The president also promised to “plant a US flag on Mars” and encouraged young Americans to sign up for military service, despite receiving no fewer than five deferments himself preventing him from serving in the Vietnam War.
While the event featured the Air Force flypast and spectacular fireworks display Mr Trump had promised, it was also defined by an unseemly brawl breaking out between protesters and members of the alt-right militant group Proud Boys after the former set fire to the stars-and-stripes in front of the White House.
The president meanwhile saidon Friday he may issue an executive order over his 2020 Census demands. The US Constitution specifically assigns the job of overseeing the census to Congress, limiting the authority of the president over it, which could complicate an effort to add the question via presidential missive.
“We’re working on a lot of things including an executive order,” Mr Trump told reporters outside the White House as he left for his resort in Bedminster, New Jersey.
In a court filing in response to a Maryland-based federal judge’s deadline, the Department of Justice indicated it has not yet come up with a new legal rationale for adding the question after being blocked in the Supreme Court on 27 June.
US District Judge George Hazel said on Wednesday that if the administration did not reach a decision he would press ahead with considering allegations based on newly discovered evidence that the decision to add the question was motivated by racial bias.
The Justice Department said in its court filing it objects to the case moving forward.
Critics have called the citizenship question a Republican ploy to scare immigrants into not participating and engineer a population undercount in Democratic-leaning areas with high immigrant populations. They say that officials lied about their motivations for adding the question and that the move would help Trump’s fellow Republicans gain seats in the US House of Representatives and state legislatures when new electoral district boundaries are drawn.
Mr Trump on Friday said the “number one” reason for adding the question was for the drawing of electoral districts, which is not the legal reason the administration gave for adding it.
He and his supporters say it makes sense to know how many non-citizens are living in the country. His hard-line policies on immigration have punctuated his presidency and 2020 re-election campaign.
Additional reporting by Reuters. Please allow a moment for our liveblog to load
Hello and welcome to The Independent's rolling coverage of the Donald Trump administration.
Donald Trump delivered his controversial ”Salute to America” address in Washington, DC, on Thursday amid hammering summer storms, his speech before the Lincoln Memorial managing to avoid partisan politics and met by a cheering but soggy crowd of spectators (the Secret Service had confiscated their umbrellas). Supporters welcomed his tribute to the US military but protesters assailed the president for putting himself centre stage on a holiday devoted to unity.
“It’s reminiscent of a Kim Jong-un rally,” commented political science student Daniela Guray, 19, brandishing a homemade "Dump Trump" sign.

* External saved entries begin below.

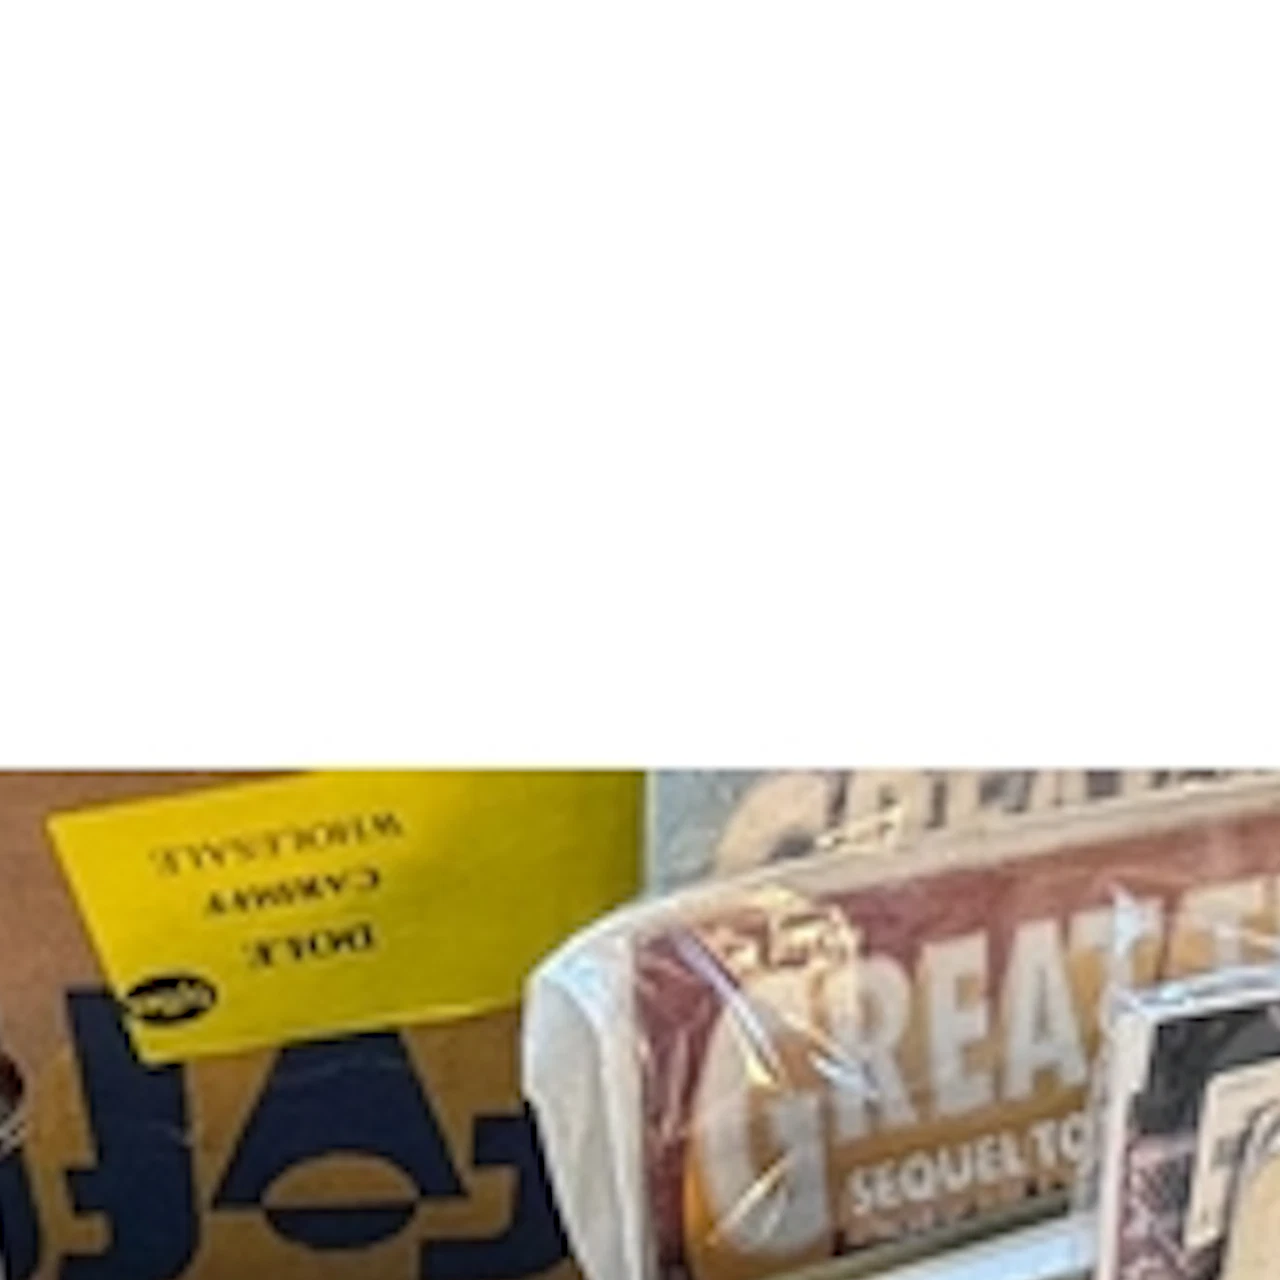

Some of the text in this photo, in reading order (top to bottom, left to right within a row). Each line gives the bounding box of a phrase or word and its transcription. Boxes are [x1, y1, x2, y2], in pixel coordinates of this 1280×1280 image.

[148, 812, 404, 877] WHOLESALE
[244, 922, 374, 968] DOLE
[849, 1134, 1026, 1217] SEQUEL
[1032, 1114, 1092, 1172] TO
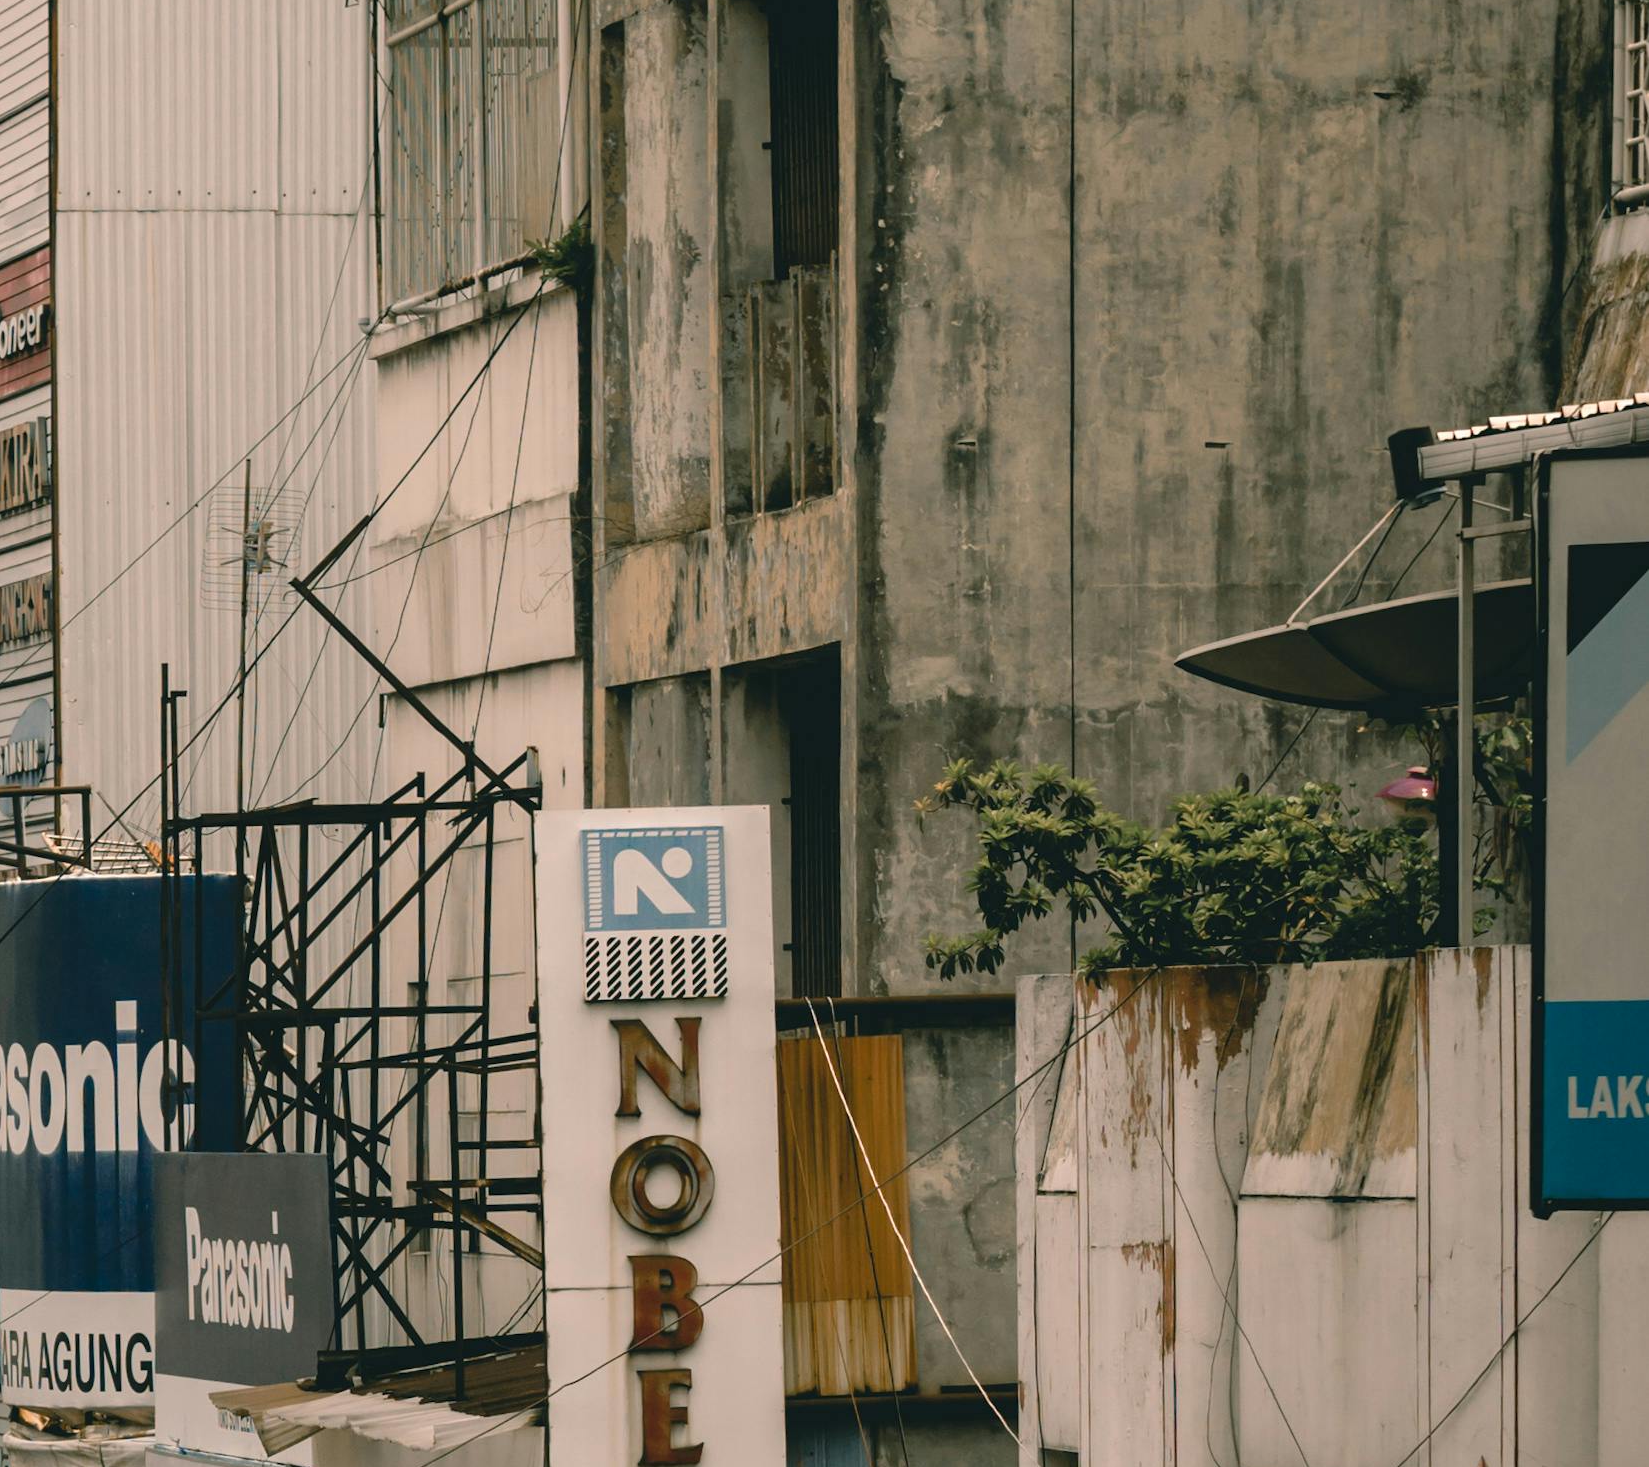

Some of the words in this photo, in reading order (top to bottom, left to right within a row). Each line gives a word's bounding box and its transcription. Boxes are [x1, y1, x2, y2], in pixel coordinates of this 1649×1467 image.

As the rain came down, Trump called on Americans to "stay true to our cause" during a programme that adhered to patriotic themes and hailed an eclectic mix of history's heroes, from the armed forces, space, civil rights and other endeavors of American life. He largely stuck to his script, avoiding diversions into his agenda or re-election campaign.
"We will always be the people who defeated a tyrant, crossed a continent, harnessed science, took to the skies and soared into the heavens because we will never forget that we are Americans and the future belongs to us," he told his audience, calling the story of America as "the greatest political journey in human history".
The warplanes and presidential aircraft the president had summoned - B-2 stealth bombers, F-35 and F-18 fighter jets, V-22 Ospreys and Army and Coast Guard helicopters - conducted their flyovers as planned, capped by the Navy Blue Angels aerobatics team. Their efforts were followed by a huge fireworks display over DC.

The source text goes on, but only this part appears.